I (22) have been fairly active in online fandom culture since I was ~13. Most of that has been on tumblr, some on twitter/tiktok/discord. I bounce around between different fandoms-- there's not really any one fandom that has stuck since I was a kid-- and I'm not a big creator. I don't do art, I occasionally write fanfic but never anything that's gotten super famous (which I'm cool with, I write for the enjoyment of myself and the like 5 other freaks who like the same things I do. it would honestly really bother me if I got too much attention.)
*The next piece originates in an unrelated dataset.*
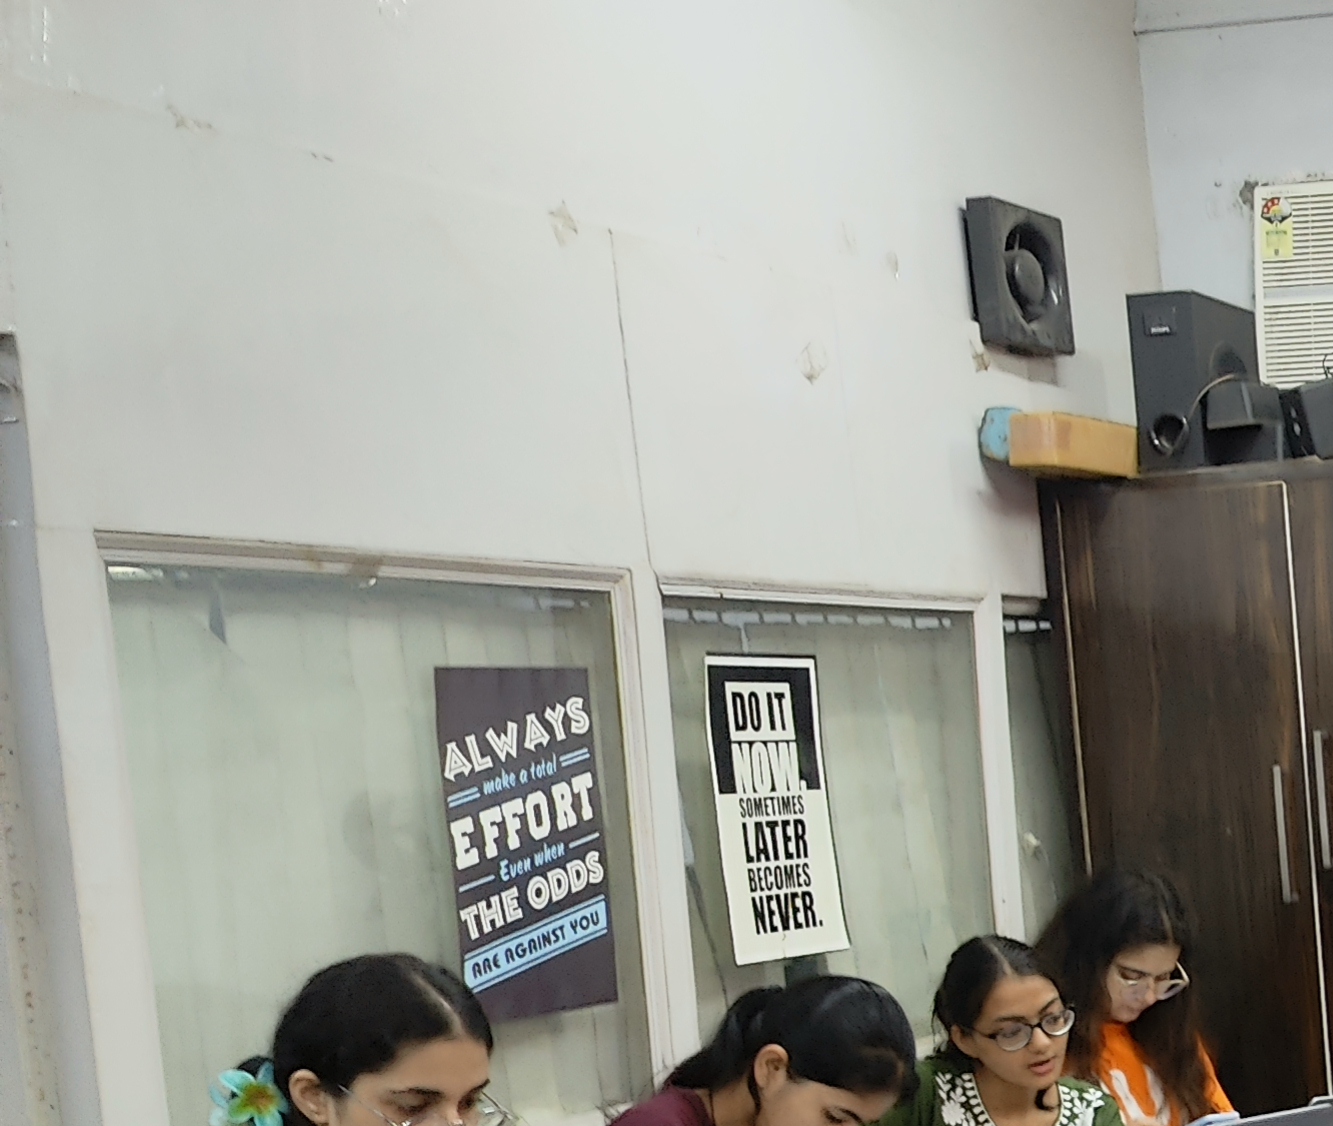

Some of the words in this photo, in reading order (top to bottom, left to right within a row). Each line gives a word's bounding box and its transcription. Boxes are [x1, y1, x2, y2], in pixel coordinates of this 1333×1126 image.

I also have some issues with paranoia and social detachment. I dealt with rather severe childhood abuse, which I'm not going to discuss, but which basically means I'm very emotionally detached. I have solo hobbies i really enjoy, and I like discussing common interests (like fandom stuff) with people, but I've never really had friends/romantic interests, and have zero interest in either of those things. The only people I'm really close to are my siblings. I'm definitely not an introvert, not shy/socially anxious, and not lonely. I have morals and care about society in a general sense, and I want the best for people, so I try to be polite and a Good Person as much as possible-- but ultimately I don't feel any kind of attachment to other people. I really don't want to hurt people, I just want to be left alone.
I really try to politely communicate this to people, since I've had quite a few incidents where I've been told I "lead people on", or people thinking we're friends and then getting upset when they realize I really don't care that much about them. It does make me feel bad to hurt others like that (and is also frustrating to deal with), but I can't exactly force myself to have emotions. I get along well with my irl coworkers/classmates/roommates, since they understand I just need a lot of space. Where I may be TA is with online friends.
About once every 6-12 months, I delete my entire online presence and start over. I orphan my ao3 fics, delete any and all accounts, and make sure my new accounts don't in any way link back to my old accounts. Usually when I do this it's because 1 I've changed interests and don't care about my old fandom, or 2 I feel like the people I know online start getting too close and emotionally attached to me. I usually post an explanation a few days before so people don't think something bad happened, saying that I'm going to be taking a break from social media for a while, and if anyone asks me for another way to contact me I just say I'm going to be completely offline. Then I just.... wipe everything and start over. I don't really know what my old mutuals are doing and don't particularly care? Like obviously I wish all the best for them, but I just don't think about them at all.
I've been doing this since I was a young teenager, but I was discussing fandom/social media presence with some irl classmates recently and brought it up. The reactions ranged from "weird but harmless" to "super mean and hurtful to the people you abandoned".
So: tumblr, AITA for disappearing?
What are these acronyms?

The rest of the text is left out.